*** Opening DATA UNDER STUDY ***

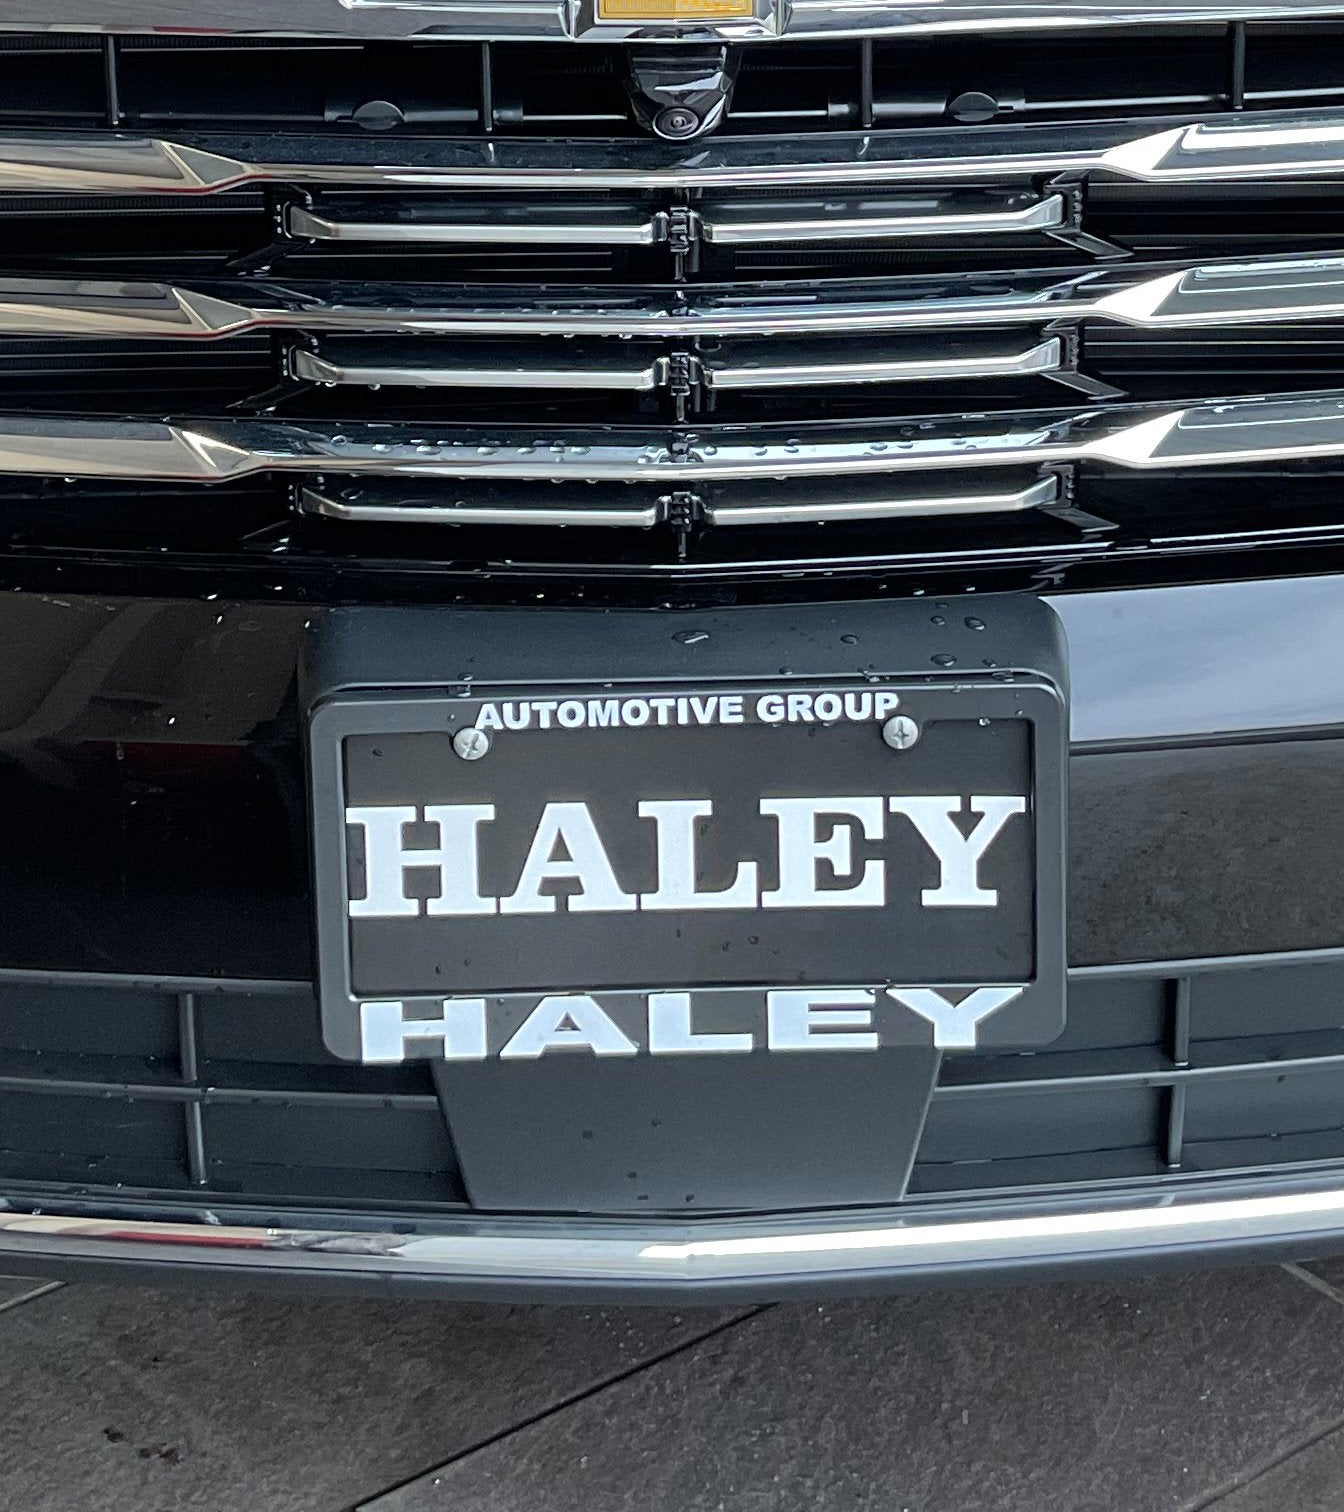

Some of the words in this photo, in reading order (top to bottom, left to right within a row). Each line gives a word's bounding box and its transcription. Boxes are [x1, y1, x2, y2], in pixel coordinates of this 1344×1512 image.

[474, 696, 744, 731] AUTOMOTIVE
[757, 691, 899, 722] GROUP
[346, 795, 1025, 918] HALEY
[359, 986, 1024, 1064] HALEY
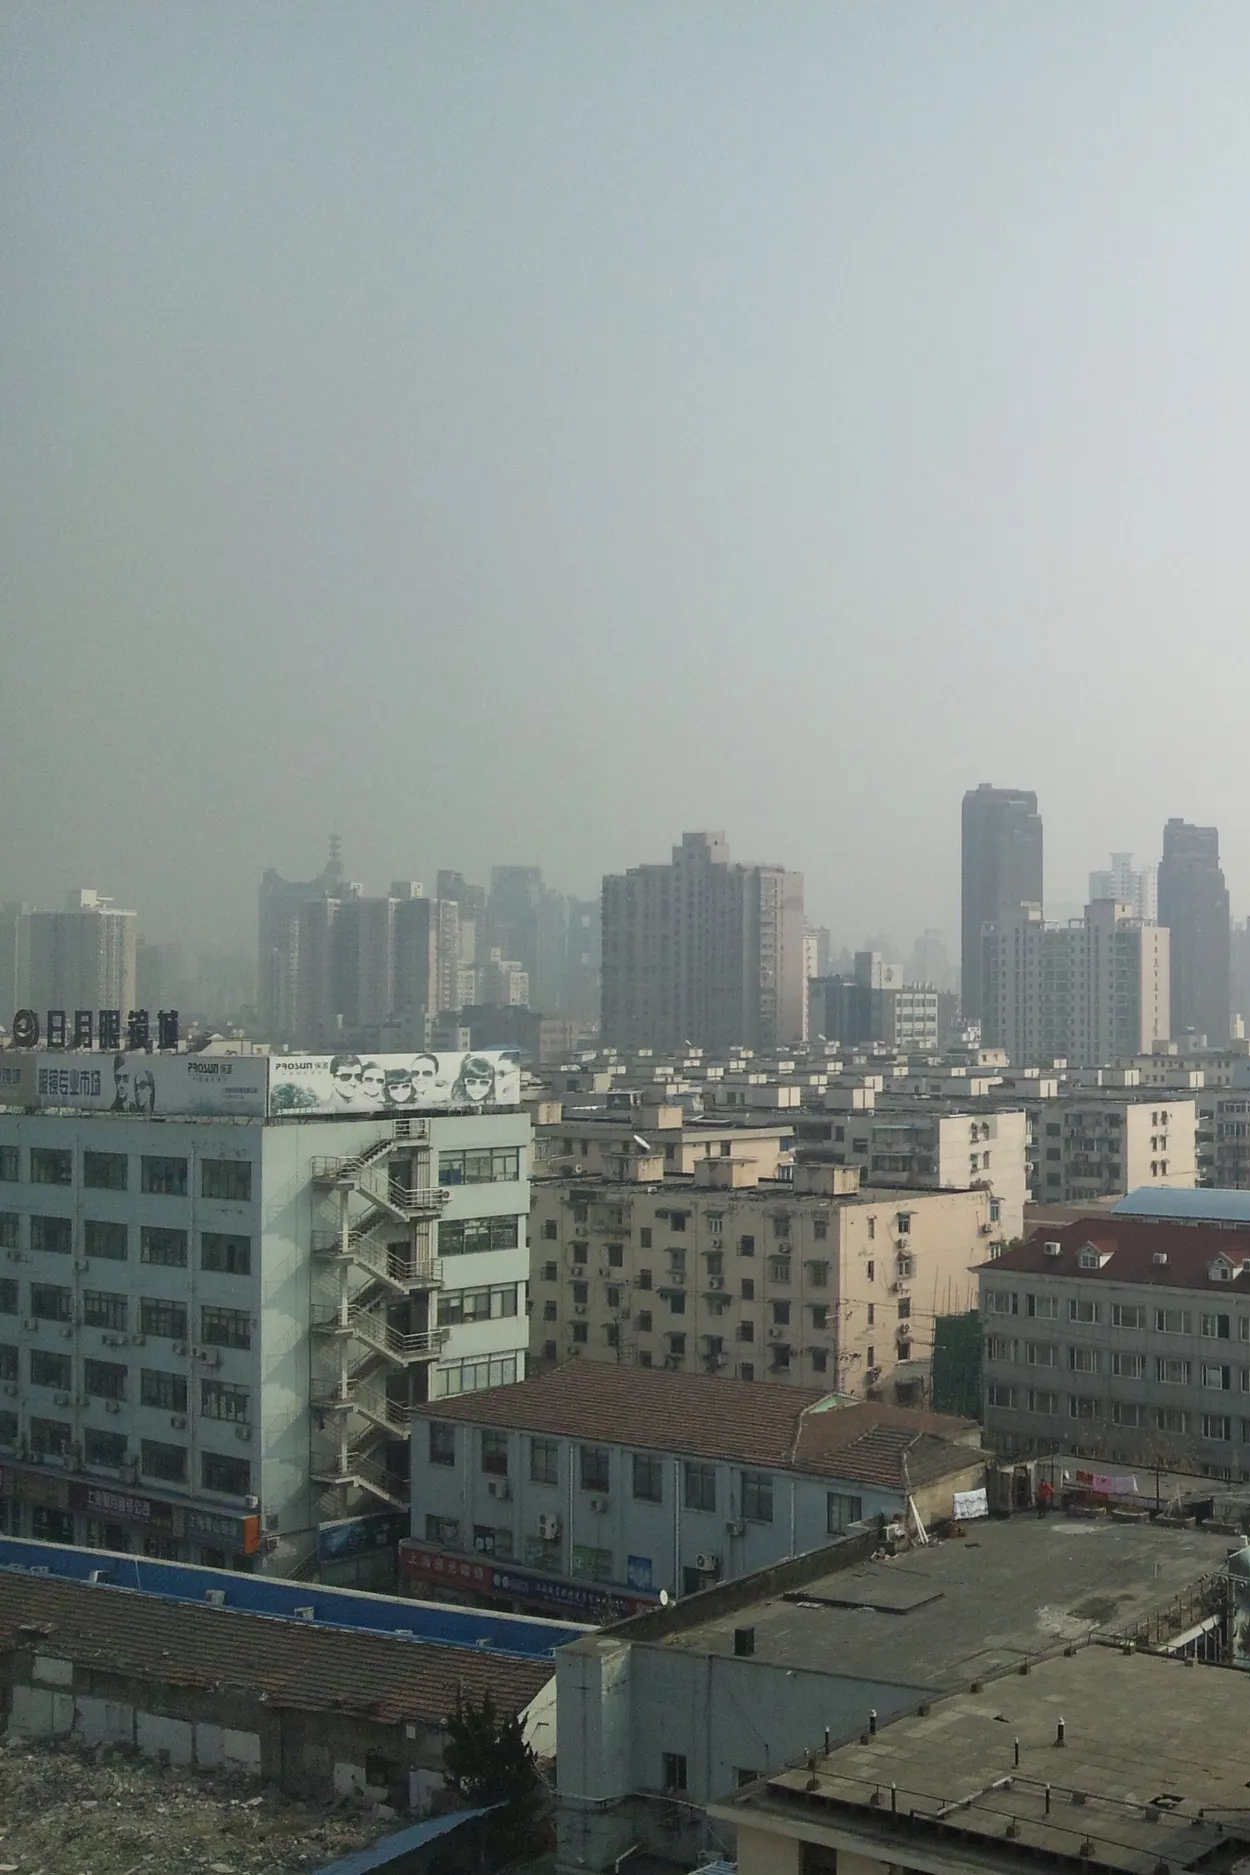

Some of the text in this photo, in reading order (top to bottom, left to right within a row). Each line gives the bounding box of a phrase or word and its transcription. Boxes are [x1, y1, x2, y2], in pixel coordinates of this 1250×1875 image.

[187, 1062, 219, 1074] PROSUN
[275, 1062, 313, 1071] PROSUN
[38, 1068, 101, 1096] 眼镜专业市场
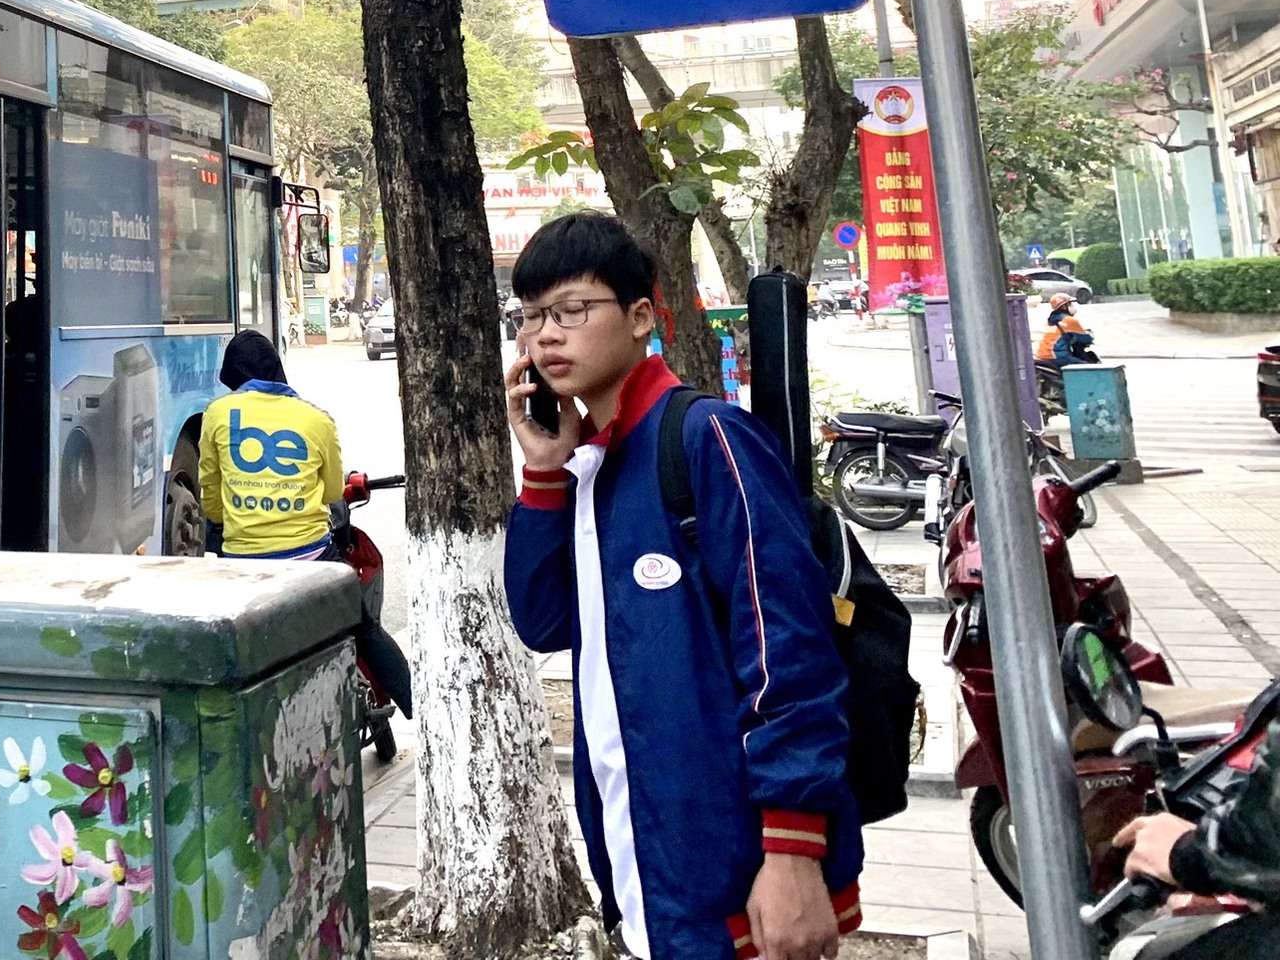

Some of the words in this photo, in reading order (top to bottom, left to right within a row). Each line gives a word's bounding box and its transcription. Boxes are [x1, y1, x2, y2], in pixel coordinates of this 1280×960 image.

*** Closing DATA UNDER STUDY ***

A verbatim copy of every entry is wanted; the pictures stay out of it.

Some of the words in this photo, in reading order (top to bottom, left to right within a row). Each line gives a word's bounding box and its transcription. Boxes are [x1, y1, x2, y2], in pixel coordinates of this 1344×1512 image.

[474, 696, 744, 731] AUTOMOTIVE
[757, 691, 899, 722] GROUP
[346, 795, 1025, 918] HALEY
[359, 986, 1024, 1064] HALEY

Some of the text in this photo, in reading order (top to bottom, left to right within a row). Each line gives the bounding box of a phrase or word and its transcription. Boxes are [x1, y1, x2, y2], in pixel coordinates of this 1250×1875 image.

[187, 1062, 219, 1074] PROSUN
[275, 1062, 313, 1071] PROSUN
[38, 1068, 101, 1096] 眼镜专业市场

Some of the words in this photo, in reading order (top to bottom, left to right within a row). Each line gives a word's bounding box and its transcription. Boxes are [x1, y1, x2, y2], in pixel coordinates of this 1280×960 image.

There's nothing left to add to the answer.